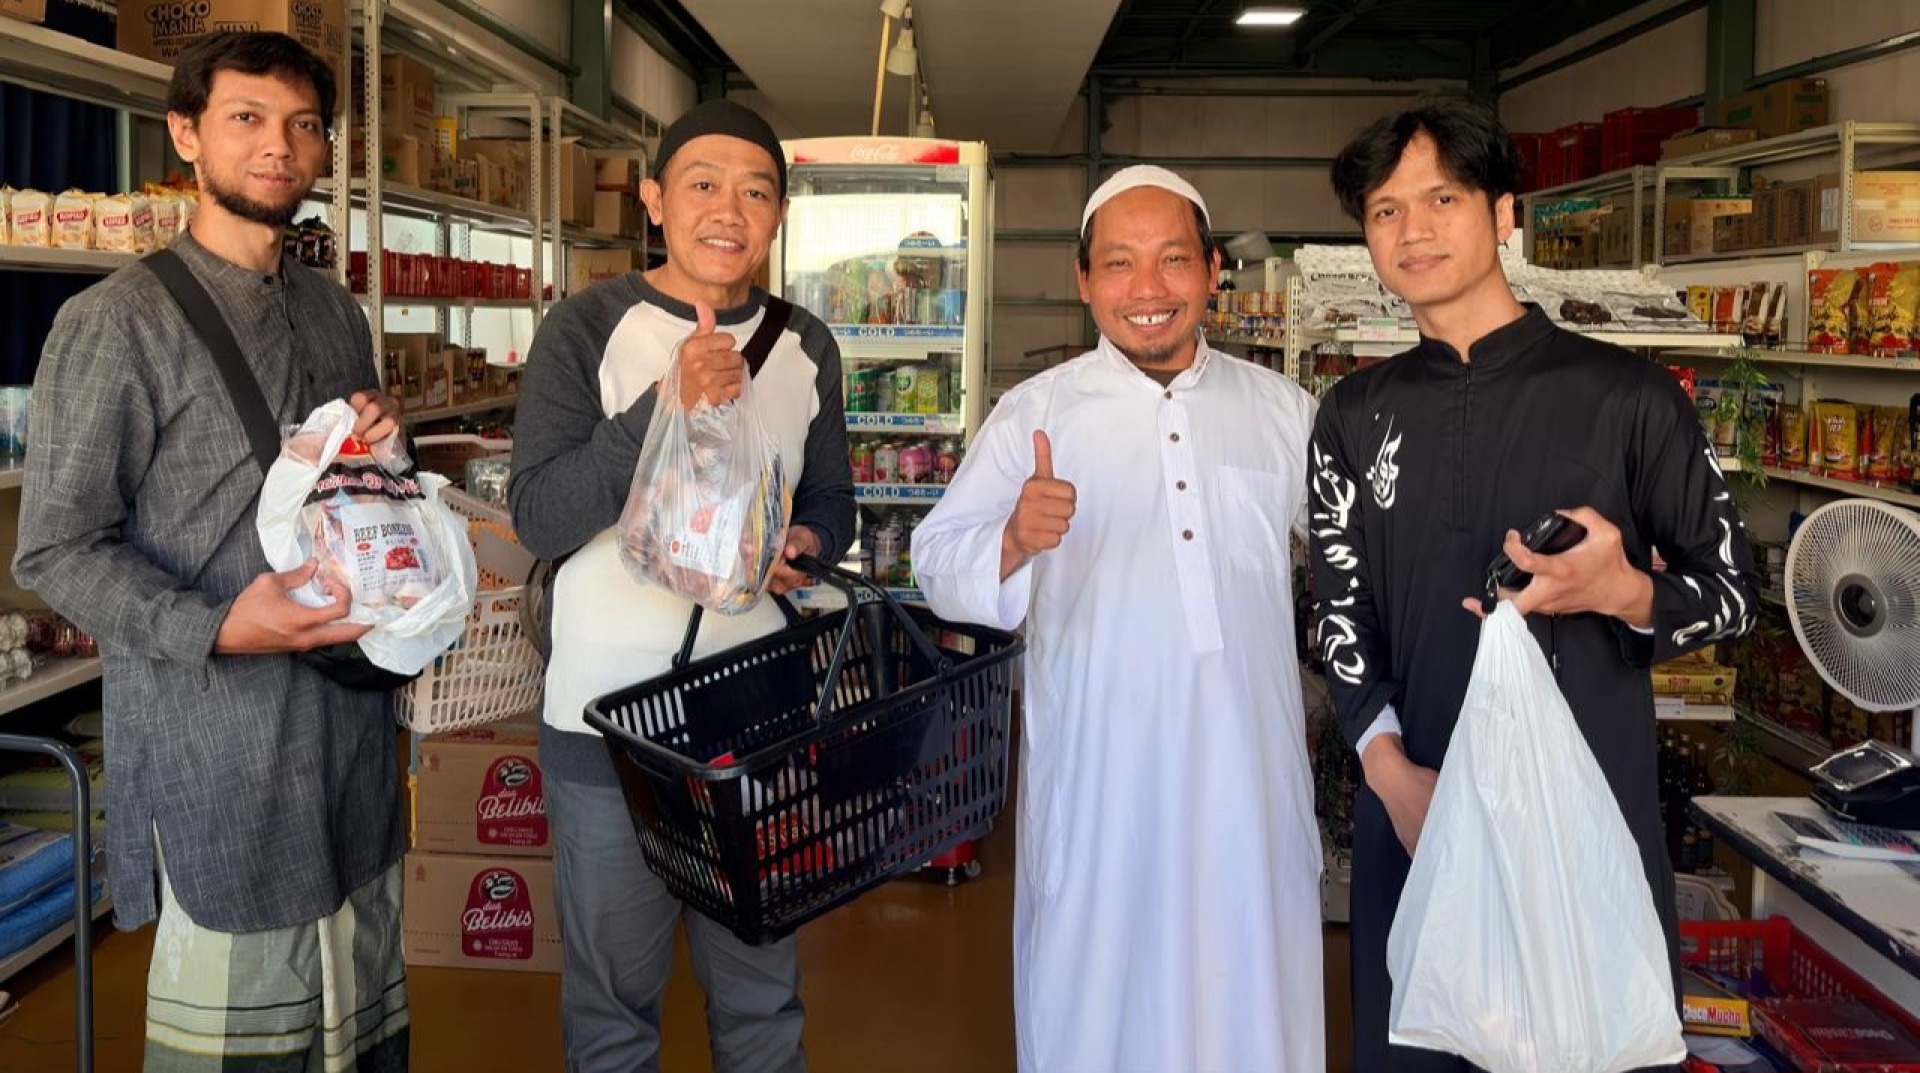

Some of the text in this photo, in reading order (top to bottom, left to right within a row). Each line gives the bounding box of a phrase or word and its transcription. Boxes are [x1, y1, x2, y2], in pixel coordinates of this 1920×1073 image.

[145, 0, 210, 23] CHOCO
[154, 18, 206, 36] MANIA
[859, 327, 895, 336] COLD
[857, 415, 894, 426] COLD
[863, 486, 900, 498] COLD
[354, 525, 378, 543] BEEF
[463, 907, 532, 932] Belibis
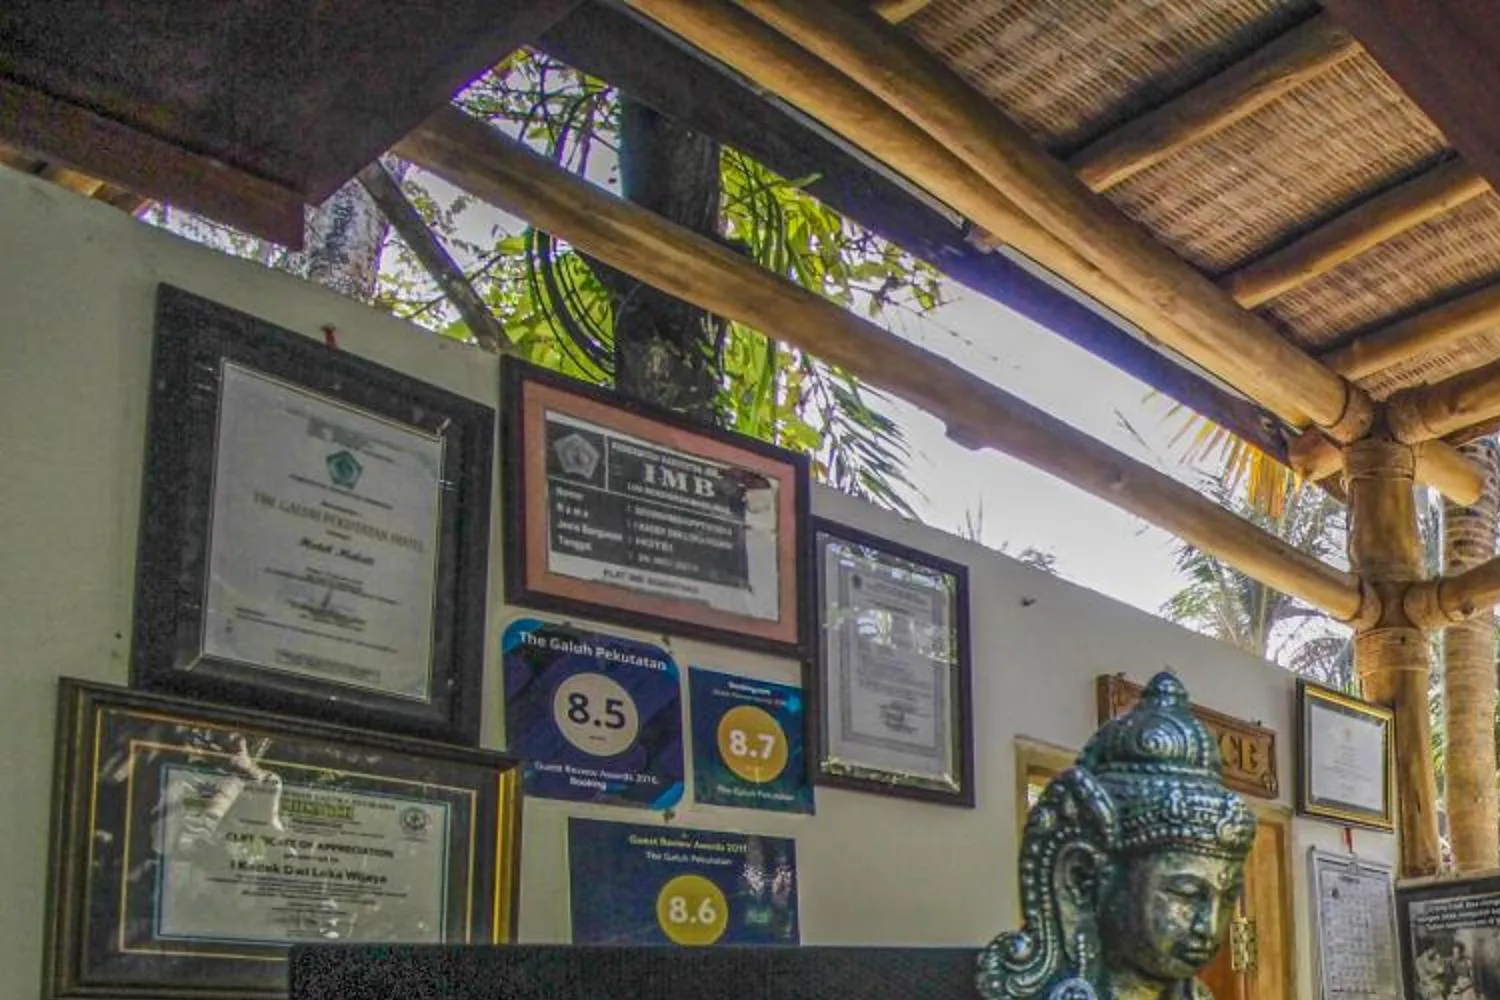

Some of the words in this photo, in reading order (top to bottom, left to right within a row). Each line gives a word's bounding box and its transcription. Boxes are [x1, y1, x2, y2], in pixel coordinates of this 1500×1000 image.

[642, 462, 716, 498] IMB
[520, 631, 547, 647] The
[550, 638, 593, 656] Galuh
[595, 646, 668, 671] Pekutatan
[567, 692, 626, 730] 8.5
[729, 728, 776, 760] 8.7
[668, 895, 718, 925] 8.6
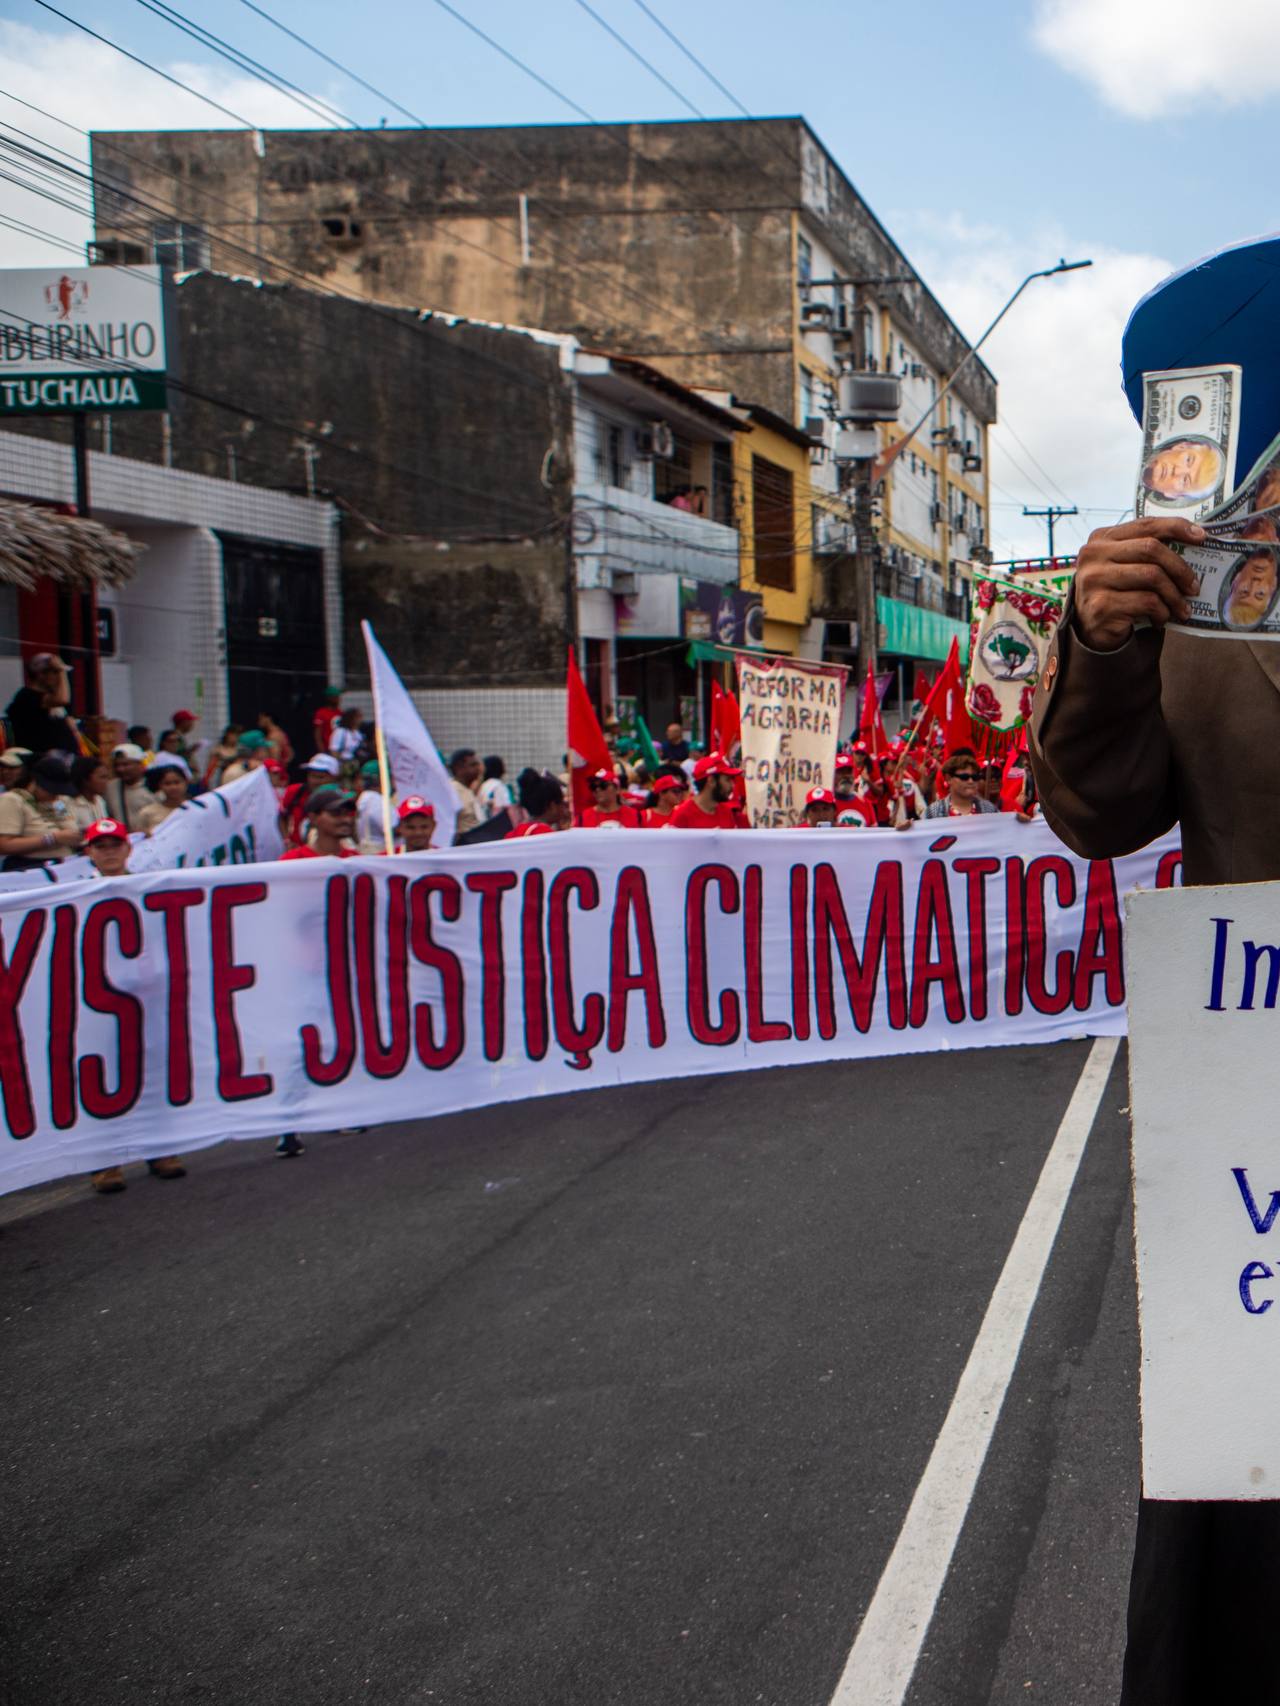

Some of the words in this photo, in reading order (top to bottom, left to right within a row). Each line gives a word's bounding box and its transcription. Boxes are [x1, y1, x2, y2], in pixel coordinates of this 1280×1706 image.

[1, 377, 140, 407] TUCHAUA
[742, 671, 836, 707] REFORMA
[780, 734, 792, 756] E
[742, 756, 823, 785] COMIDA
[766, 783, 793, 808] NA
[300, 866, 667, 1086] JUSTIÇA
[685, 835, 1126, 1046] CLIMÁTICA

Task:
Extract the lines beginning with the one that contains "this 1500×1000 image." and ending with the last line of the listing. Keep them exact and drop the pictures.

Solved exercise:
Some of the words in this photo, in reading order (top to bottom, left to right within a row). Each line gives a word's bounding box and its transcription. Boxes are [x1, y1, x2, y2], in pixel coordinates of this 1500×1000 image.

[642, 462, 716, 498] IMB
[520, 631, 547, 647] The
[550, 638, 593, 656] Galuh
[595, 646, 668, 671] Pekutatan
[567, 692, 626, 730] 8.5
[729, 728, 776, 760] 8.7
[668, 895, 718, 925] 8.6

Some of the words in this photo, in reading order (top to bottom, left to right within a row). Each line gives a word's bounding box and its transcription. Boxes are [x1, y1, x2, y2], in pixel coordinates of this 1280×1706 image.

[1, 377, 140, 407] TUCHAUA
[742, 671, 836, 707] REFORMA
[780, 734, 792, 756] E
[742, 756, 823, 785] COMIDA
[766, 783, 793, 808] NA
[300, 866, 667, 1086] JUSTIÇA
[685, 835, 1126, 1046] CLIMÁTICA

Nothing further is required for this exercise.